Bridges must labor under sometimes gruesome makeup, especially for the early hospital scenes. As for Allen, Brady says, “I don’t mean this the way a lot of people in the country would take it, but she could sit right next to Jimmy Swaggart--and you’ve seen Swaggart when he goes into one of his crying jags.”

The film was based on Mollie Dickenson’s 1987 authorized biography “Thumbs Up,” but the Bradys say there appears to be a good deal of screenwriter Robert Bolt in the film as well. Bolt, a two-time Oscar winner (“Dr. Zhivago” and “A Man For All Seasons”), struggled to regain his powers of speech and movement after a stroke.
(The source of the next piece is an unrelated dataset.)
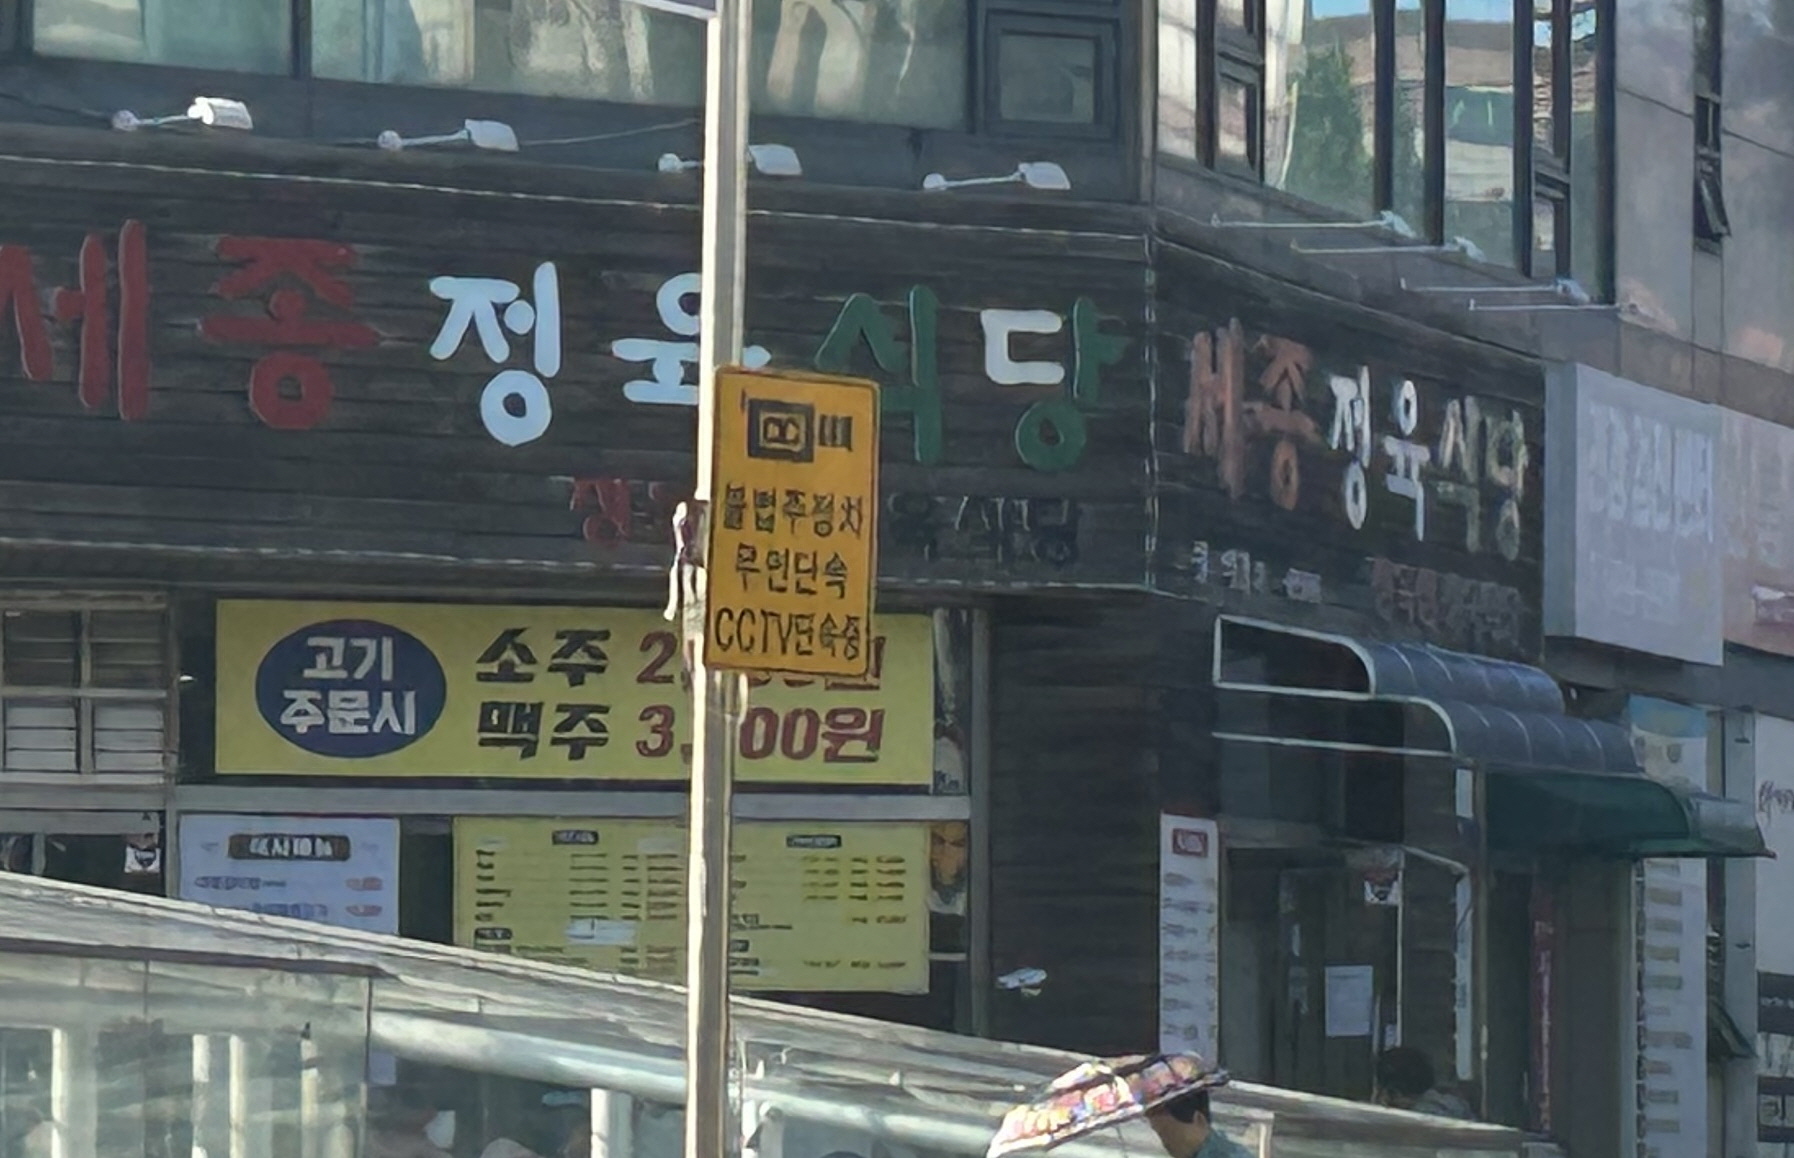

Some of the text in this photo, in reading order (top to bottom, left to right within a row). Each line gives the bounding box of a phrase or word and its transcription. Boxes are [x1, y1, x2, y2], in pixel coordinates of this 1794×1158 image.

“You almost have to live that,” Brady says. “To understand how there’s a little person inside you trying to get out. And you never, at any time, want anyone to have to live that to understand that. The frustration comes from our inadequacy to tell people how it actually works.”

The key word is frustration, Sarah Brady agrees. Today, her husband, though confined to a wheelchair, is very much the articulate, good-humored spokesperson, bantering with only slightly slurred speech through an interview he steers on and off the record at whim.

But in the period that the movie covers, both Bradys were struggling with what Hinckley’s bullet had done to their lives. There was inspiration, in the work of surgeon Arthur Korbine (played by David Strathairn, and known in the Brady household as Dr. Goodknife), and in Sarah Brady’s efforts to mobilize public opinion against handguns.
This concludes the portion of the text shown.